Her Husband's Faith is a 1916 American silent short film directed by Lloyd B. Carleton. The film is based on a story by Paul Machette. Eugene De Rue developed the screenplay. This domestic society drama's features Dorothy Davenport, T. D. Crittenden and Emory Johnson.

The story revolves around Richard and Mabel Otto. They are happily married and have a three-year-old son. The couple holds a reception at their home when a drifter shows up at the front door. Suddenly, things start to unravel when the stranger reveals secrets about Mabel's shadowy past. The couple's survival will depend on Richard's faith in his wife.

The film was released on May 11, 1916, by Universal.



Plot
Richard Otto and his wife, Mabel, have a joyful marriage and live in a spacious home. They have a three-year-old boy whom both parents adore. One day, Mabel says to her husband: "Five blissful years of marriage, a beautiful home, a tender husband, and a darling baby — surely God has been good to me." Richard and Mabel Otto decide to throw a big reception to celebrate their good fortune. The couple sends invitations and places an announcement in the local newspaper.

The scene shifts to a local park where a drifter named Tom Willis sits on a park bench. While reading the local newspaper, he notices the article announcing Otto's reception. The item contains a picture of Mable Otto, and he recognizes her as someone from his murky past. He believes Mabel was his former partner in crime when they traveled in the criminal underworld. At some point, she left him, and Willis never saw her again. Seeing Mabel's picture stirs up old emotions, and he wants to reconnect.

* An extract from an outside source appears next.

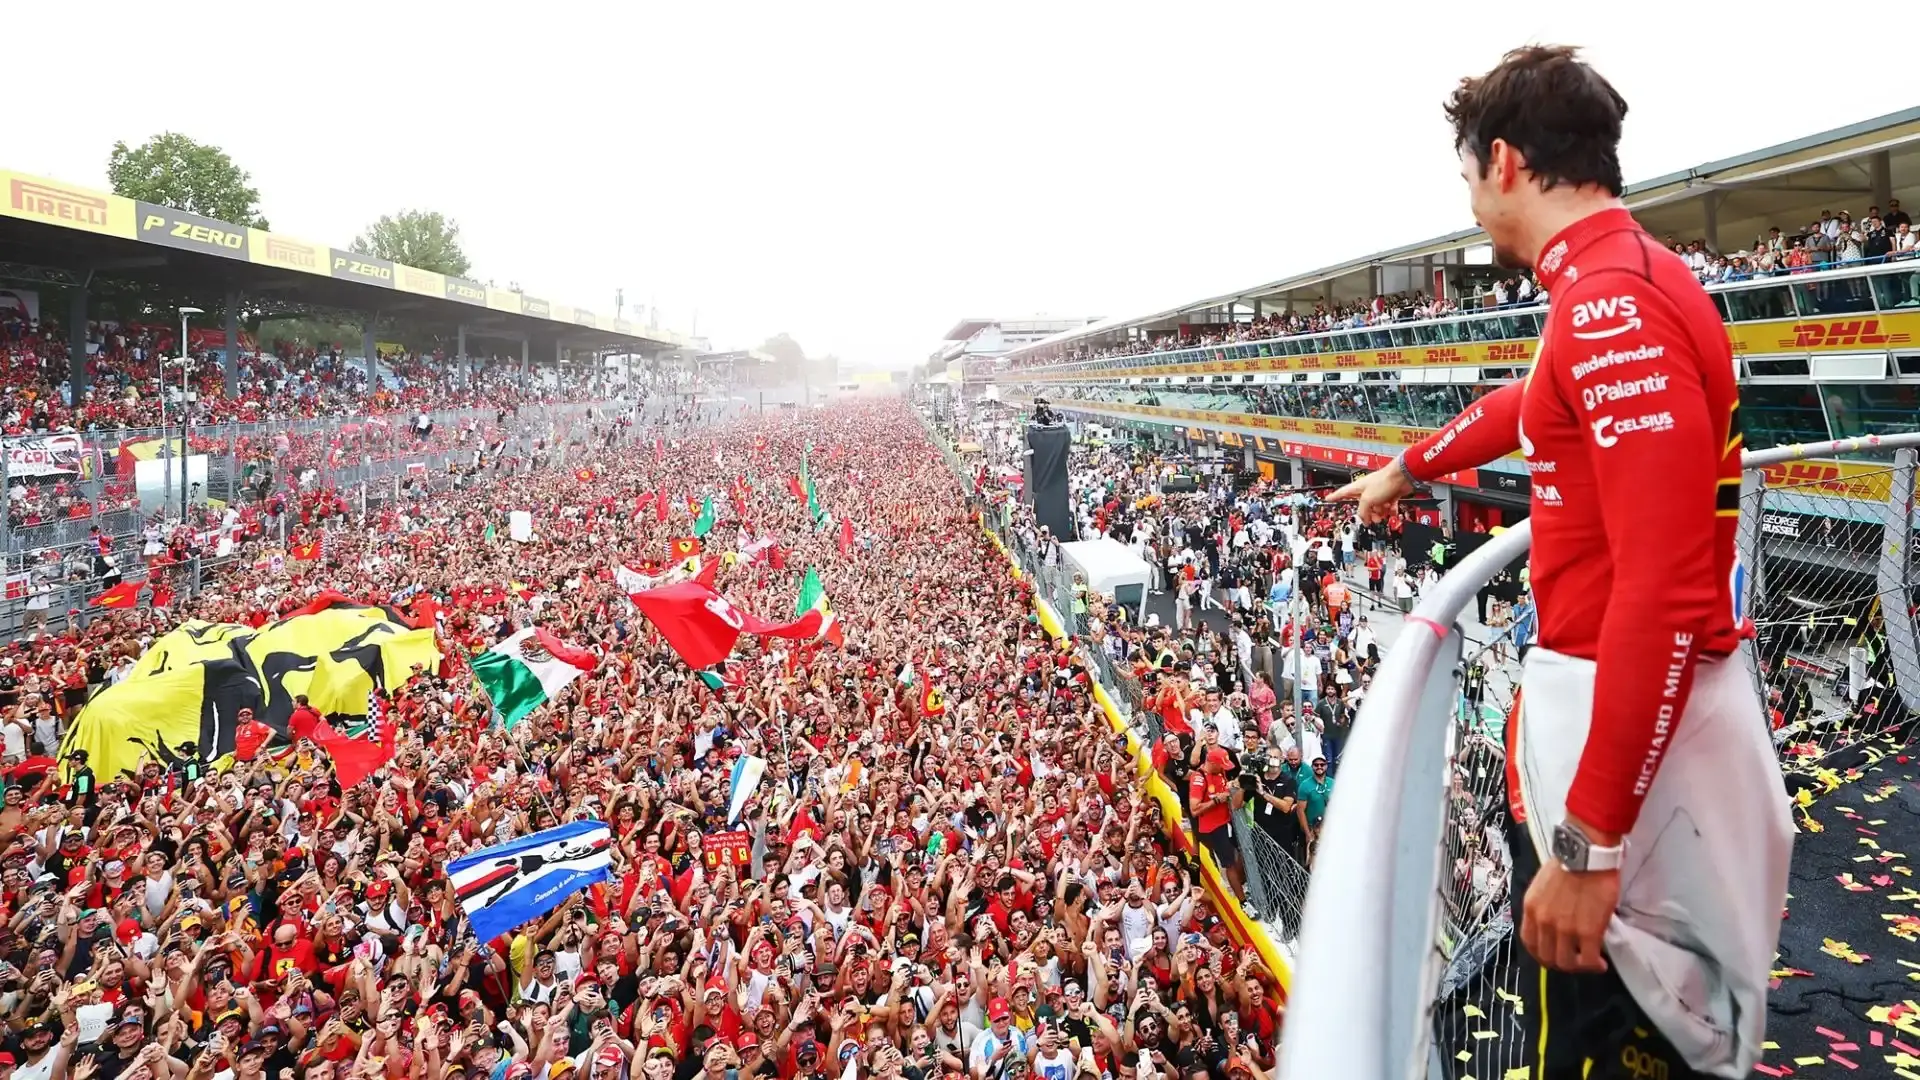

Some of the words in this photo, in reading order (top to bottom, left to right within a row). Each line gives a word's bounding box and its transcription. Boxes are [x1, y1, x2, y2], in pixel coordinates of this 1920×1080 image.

Mr. and Mrs. Otto's reception is in full swing. Several guests are doting on the young boy when his bedtime arrives. Mabel takes the boy to his bedroom and puts him to sleep. When she returns to the party, she tells Richard all the tricks the little one had learned. However, the young boy still can't sleep and rings the bell for his mother. Both parents dutifully leave their guests and try to put the boy to sleep. A domestic enters the bedroom and informs Richard a caller was waiting at the front door. He leaves to greet his guest.

Richard opens the front door and immediately recognizes Tom Willis. Willis was a man whom Otto had once helped with a small loan. Willis tells Otto he is down on his luck again and needs another loan. Richard invites Tom into the house. After they are comfortable, Willis tells Richard a story about his past relationship with a woman in the criminal underground. After describing how deeply in love he was, he states he would do anything to win her back. Richard seems to sympathize with Tom's story of lost love. Willis then tells Otto the love story's mystery woman is Mabel Otto. Richard reels in shock and tells Tom—they have a healthy marriage, share a son, and have a wonderful life. Then Otto emphatically tells Willis he should never come to their house again or ever attempt to meet his wife.

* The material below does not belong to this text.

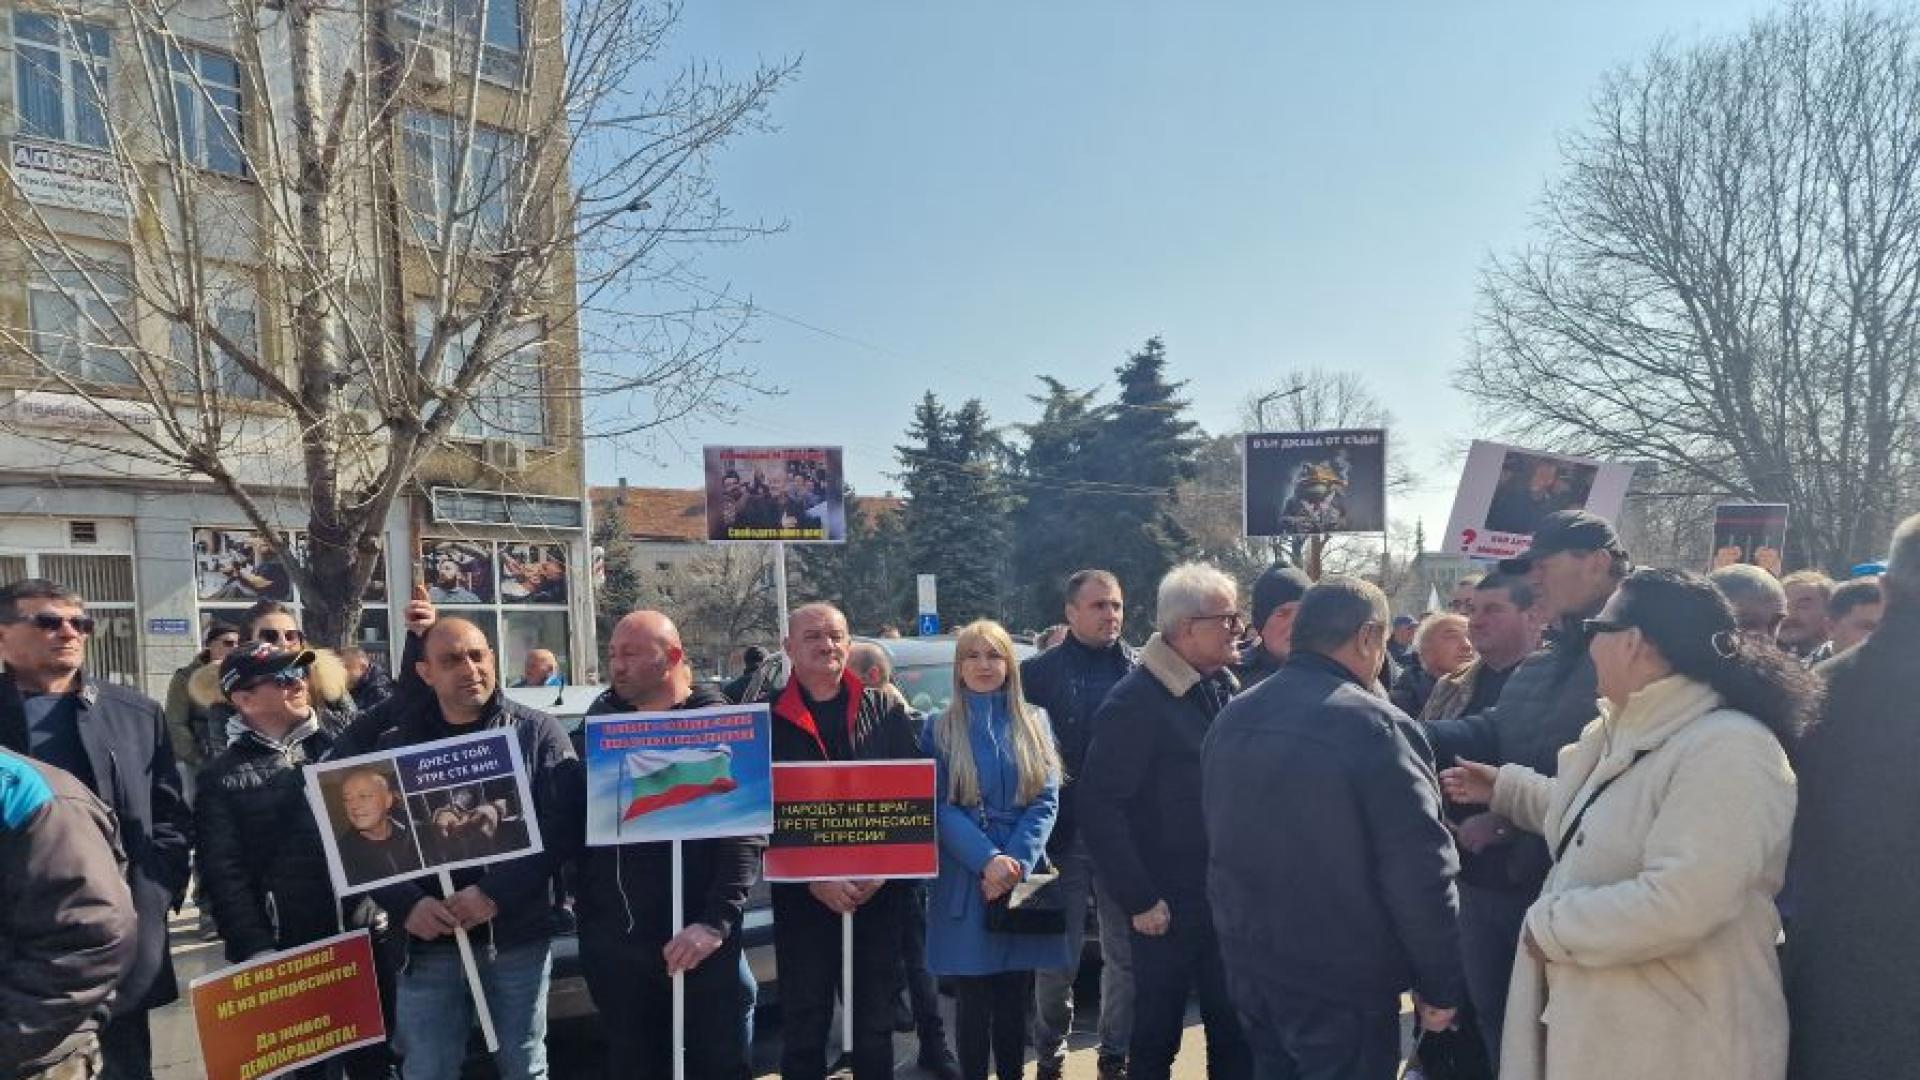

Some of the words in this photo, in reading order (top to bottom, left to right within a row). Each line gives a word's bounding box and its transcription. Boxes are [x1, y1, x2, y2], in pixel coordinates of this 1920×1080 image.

Willis had checked out the house and its contents during their previous conversation. He leaves Otto's home but returns later to steal valuable jewelry. During the attempted burglary, Mable and her son stumble upon the attempted theft. Mable sees Tom and remembers him from her past. Hearing the commotion, Richard rushes to the room. The tension rises, but when Willis sees them all together, he takes one last glance at Mabel and flees without saying a word.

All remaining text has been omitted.